Vibrant hommage à Brel du rappeur Mochélan
Le Grand Feu embrase l'Ancre à Charleroi. A la croisée du théâtre et de la musique, Jacques Brel comme vous ne l'avez jamais entendu. Montée en puissance et en émotion pour une soirée en crescendo.
- Publié le 11-10-2018 à 17h12
- Mis à jour le 16-10-2018 à 16h09
Rentrer. Écouter Brel en boucle. Encore et encore... Envie chevillée à l'âme après une soirée au coin du Grand Feu, titre du spectacle qui, depuis le 9 octobre, date anniversaire des quarante ans de la mort de Jacques Brel , enflamme le Théâtre de l'Ancre à Charleroi. L'accueil est tel qu'une représentation supplémentaire vient d'être ajoutée au calendrier. Tant Mochélan, Simon Delecosse de son vrai nom, enfant du pays, mais aussi rappeur reconnu, sacré Octave de la musique en 2015, et féru des chansons du grand Jacques, a posé la voix et les gestes avec justesse, humilité et vérité. Brel en rap ? S'étonnera-t-on. Pourquoi pas? Répondra celui qui le considère comme le premier rappeur de l'histoire. Un défi, une aventure folle, partie d'une blague en fin de soirée lorsque Mochélan s'est mis à chanter Les Bourgeois en rap et que Jean-Michel Van den Eeyden, directeur de l'Ancre et metteur en scène, a imaginé de monter un spectacle.
Nous y voici, dans l'antichambre d'abord, avec Rémon JR, affalé sur un vieux canapé qui sample, un ou deux morceaux.
Puis, Mochélan, qui brandit ce Grand Feu, la revue scoute dans laquelle Brel signa un éditorial révélateur de celui que deviendrait le chanteur. Où il célèbre la nature, les forêts, les ruisseaux, la fraternité, le retour à soi et la quête de vérité.
Avec son air dégingandé
Commencent alors les répétitions. Mochélan passe à l'avant-plan, se déplie, se déploie, ouvre les bras, donne de la voix.
La ressemblance est troublante. Le rappeur n'imite pas Brel. Il se l'approprie et parfois, sans le vouloir, avec son air dégingandé, sa voix caverneuse, son visage émacié et sa tendresse brouillée, s'emporte, s'enfièvre, entre dans le costume du chanteur, et lui rend vie, sous sa ferveur à lui.

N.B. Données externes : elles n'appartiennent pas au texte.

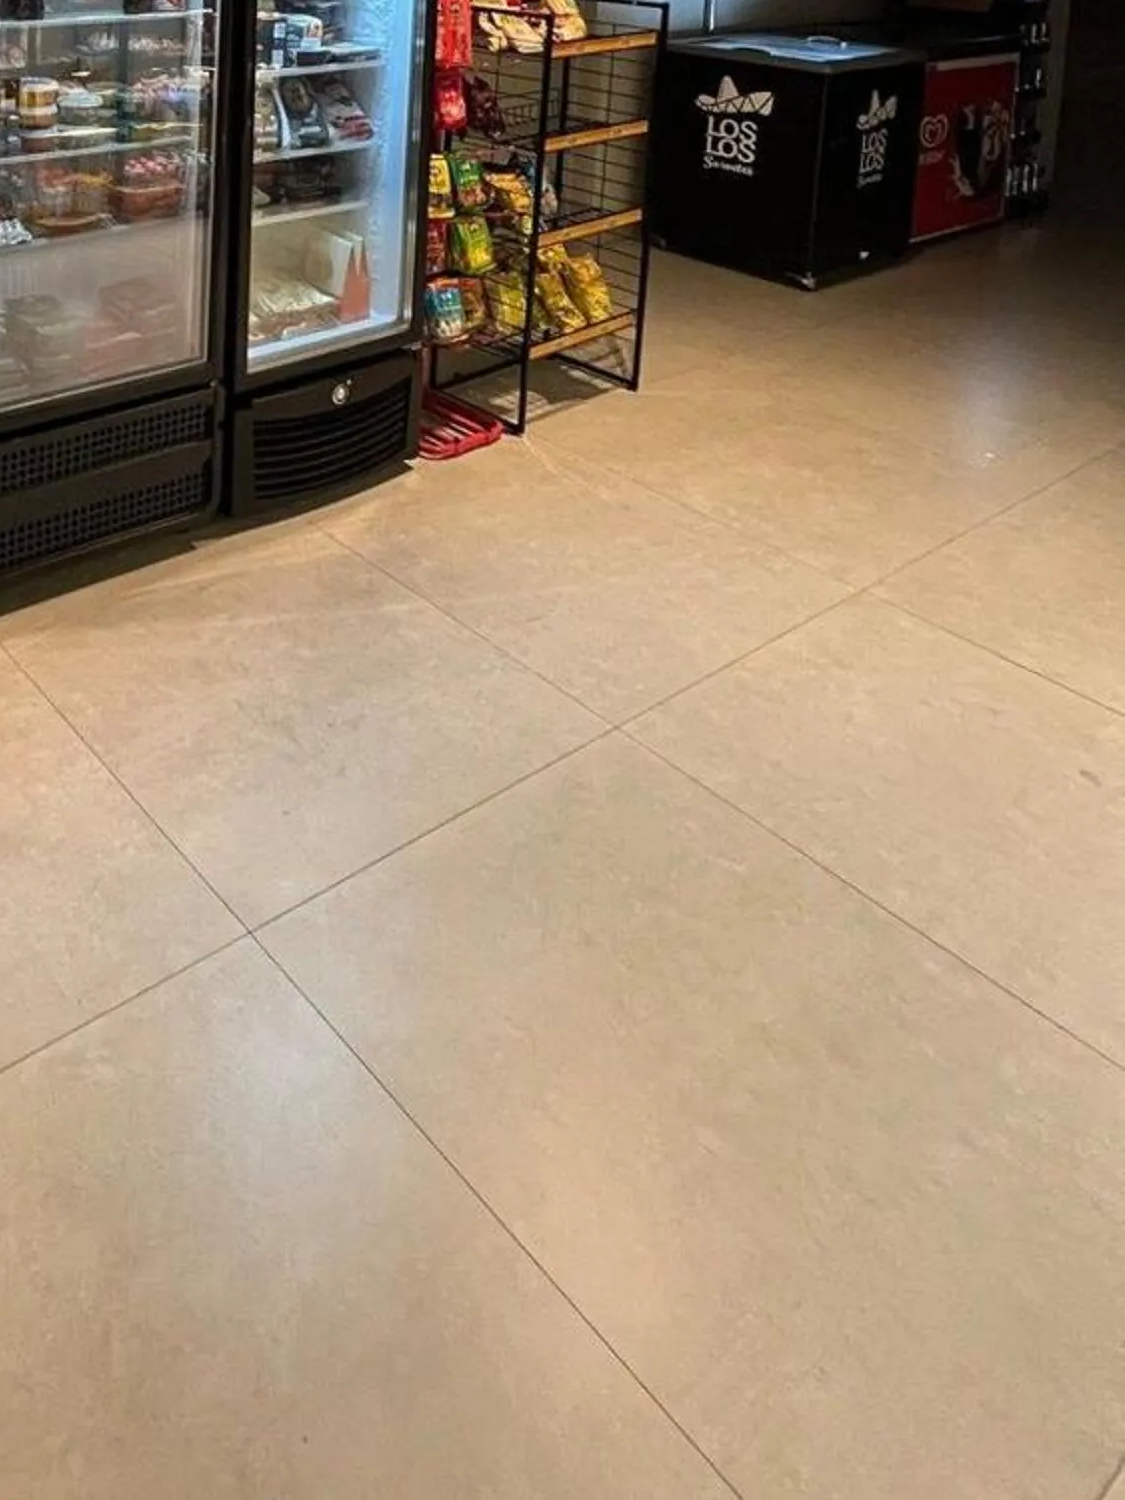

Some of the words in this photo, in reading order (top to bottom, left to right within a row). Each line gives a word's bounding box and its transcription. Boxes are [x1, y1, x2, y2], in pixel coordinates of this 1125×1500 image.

[706, 115, 758, 143] LOS
[860, 128, 888, 154] LOS
[704, 137, 756, 163] LOS
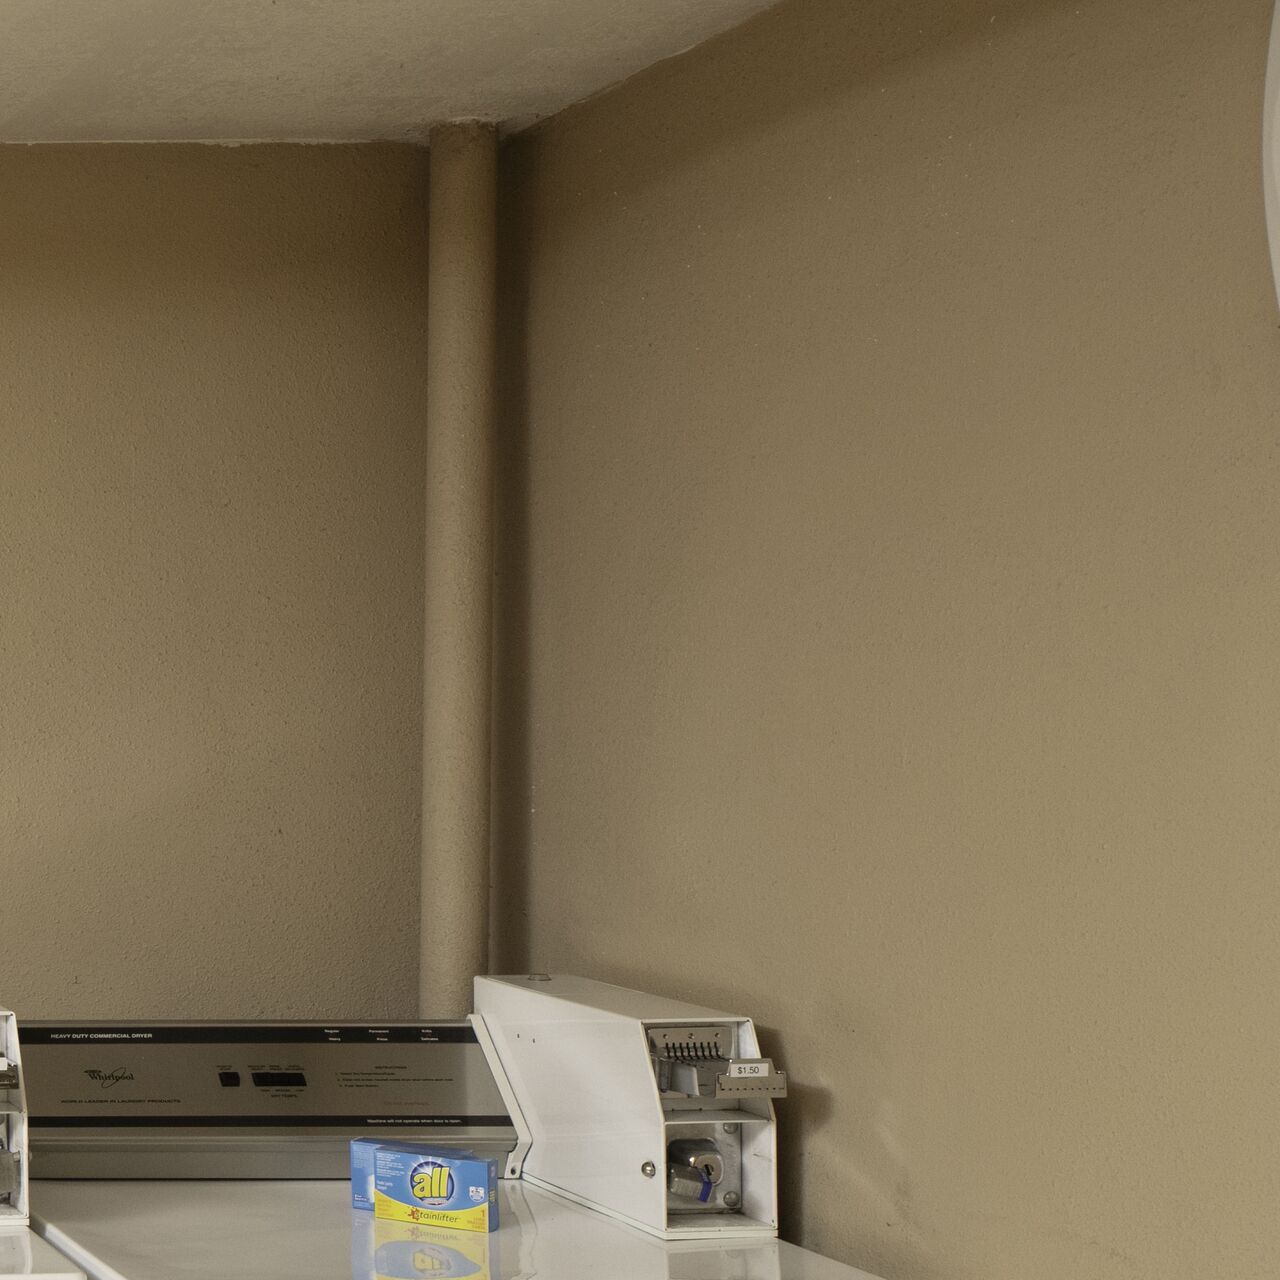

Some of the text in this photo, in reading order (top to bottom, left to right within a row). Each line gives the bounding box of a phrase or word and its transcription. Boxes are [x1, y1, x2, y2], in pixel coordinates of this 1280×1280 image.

[737, 1066, 760, 1075] $1.50
[87, 1071, 135, 1082] Whirlpool
[412, 1166, 450, 1199] all
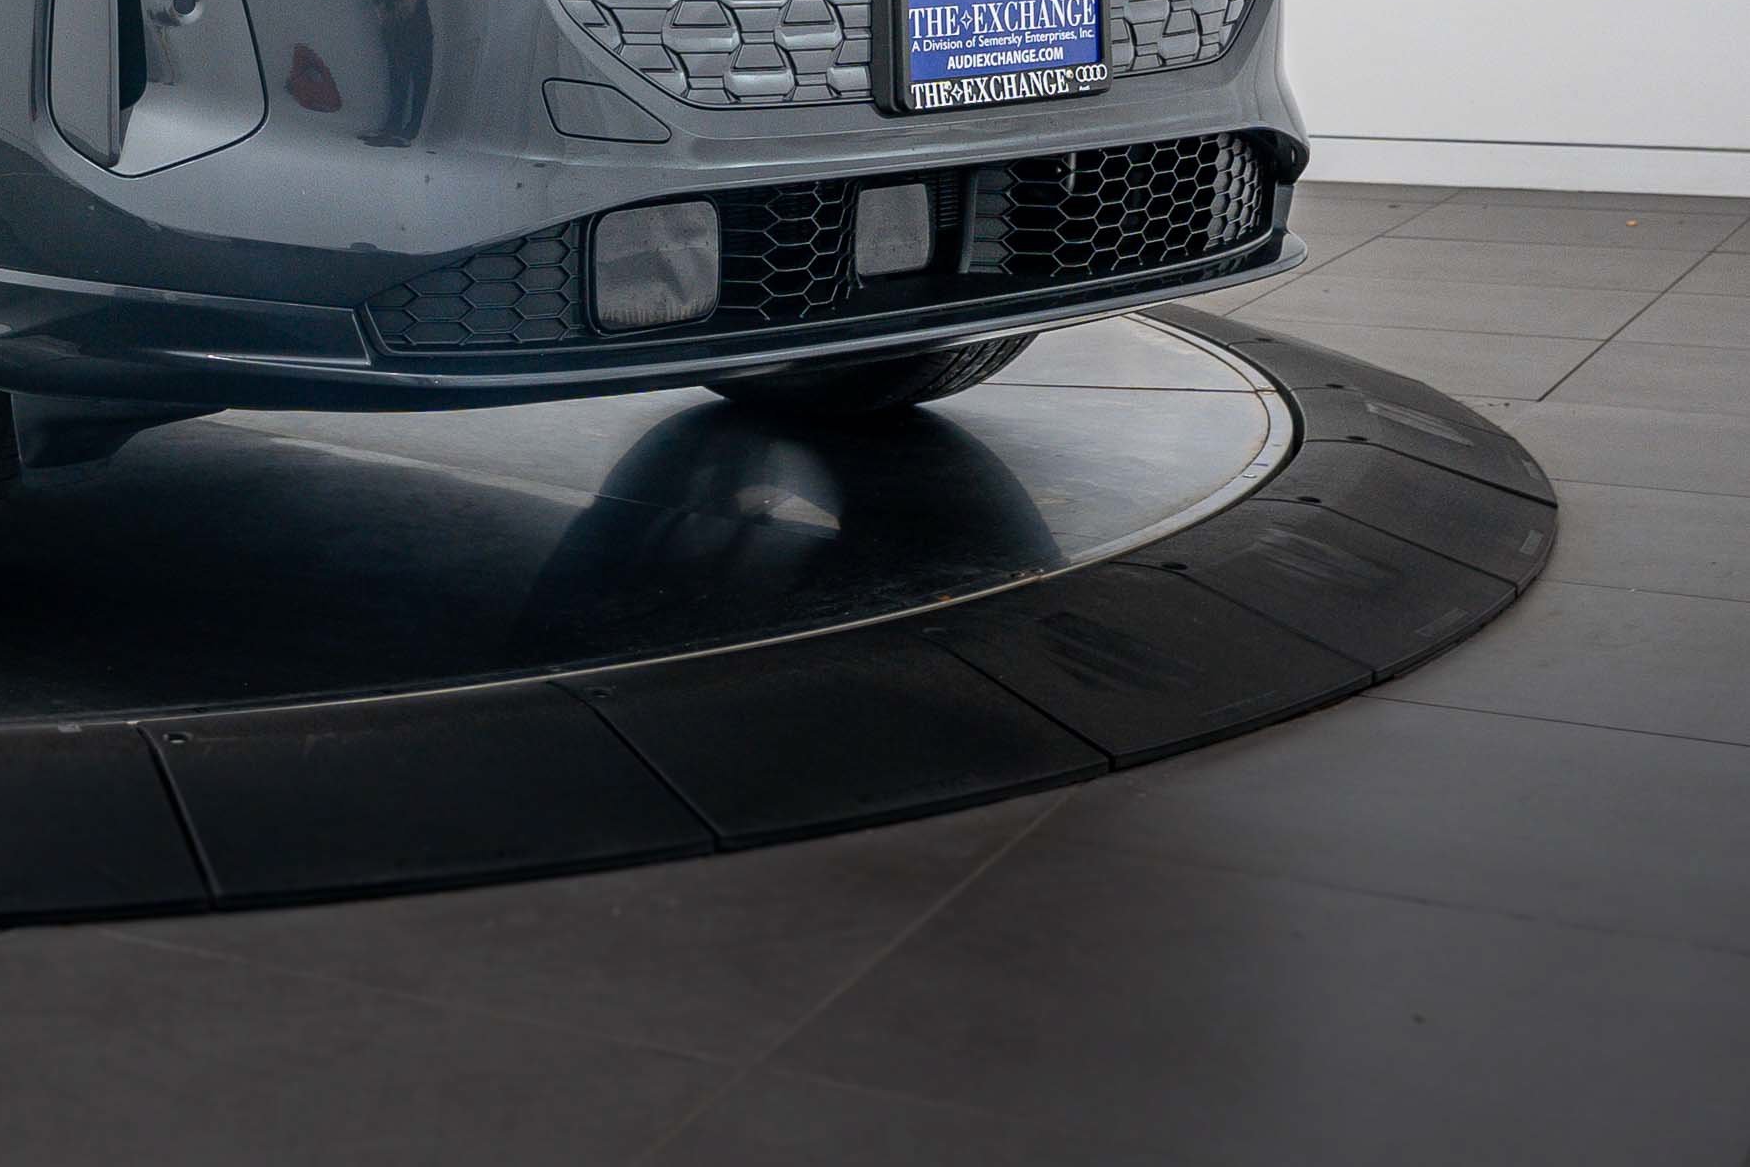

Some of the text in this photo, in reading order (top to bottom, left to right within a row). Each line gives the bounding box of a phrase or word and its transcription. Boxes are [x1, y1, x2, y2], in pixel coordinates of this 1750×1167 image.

[909, 4, 960, 39] THE
[911, 28, 1094, 52] A Division of Semersky Enterprises, Inc.
[947, 47, 1064, 70] AUDIEXCHANGE.COM
[910, 71, 1068, 109] THE EXCHANGE

A mi-chemin entre théâtre et musique, en dialogue avec le DJ qui donne un bel écho à l'aventure, la justifie avec ses artifices électroniques, deux textes de Mochélan en alternance avec des chansons, Le Diable, Les Filles et les chiens, Marieke, en flamand, L'Ivrogne ou Jaurès, "Le Grand Feu" s'embrase de plus en plus , monte en puissance pour nous livrer, dans cette chambre sans berceau, quelques incontournables tels ces Vieux qui ne parlent plus, mais auquel le rappeur renvoie un peu d'adrénaline, sans pour autant sacrifier à l'émotion. Avant d'entamer, avec le coffre de mise, ces Flamingants tant décriés à l'époque. Et tellement précurseurs. L'ambiance répétition s'efface peu à peu au profit de ce qui ressemble de plus en plus à un concert, avec, en toile de fond, des mapping vidéos, d'une franche délicatesse, chers au metteur en scène . Soudain seul au piano, Mochélan convainc également pendant que le public se laisse emporter par l'émotion. Avant le final, le noir, le micro suspendu au plafond la voix de Jacques Brel, cette fois, pour chanter sa Quête, cette inaccessible étoile qui vous arrache des larmes.
Le Grand Feu, un rendez-vous avec Brel et son œuvre, au Théâtre de l'Ancre, 122 rue de Montigny, 6000 Charleroi, jusqu'au 20 octobre. Infos & rés.: 071.314.079, www.ancre.be
A La Ferme du Biéreau, le 26 octobre
Au Mars - Mons arts de la scène, du 11 au 13 février 2019.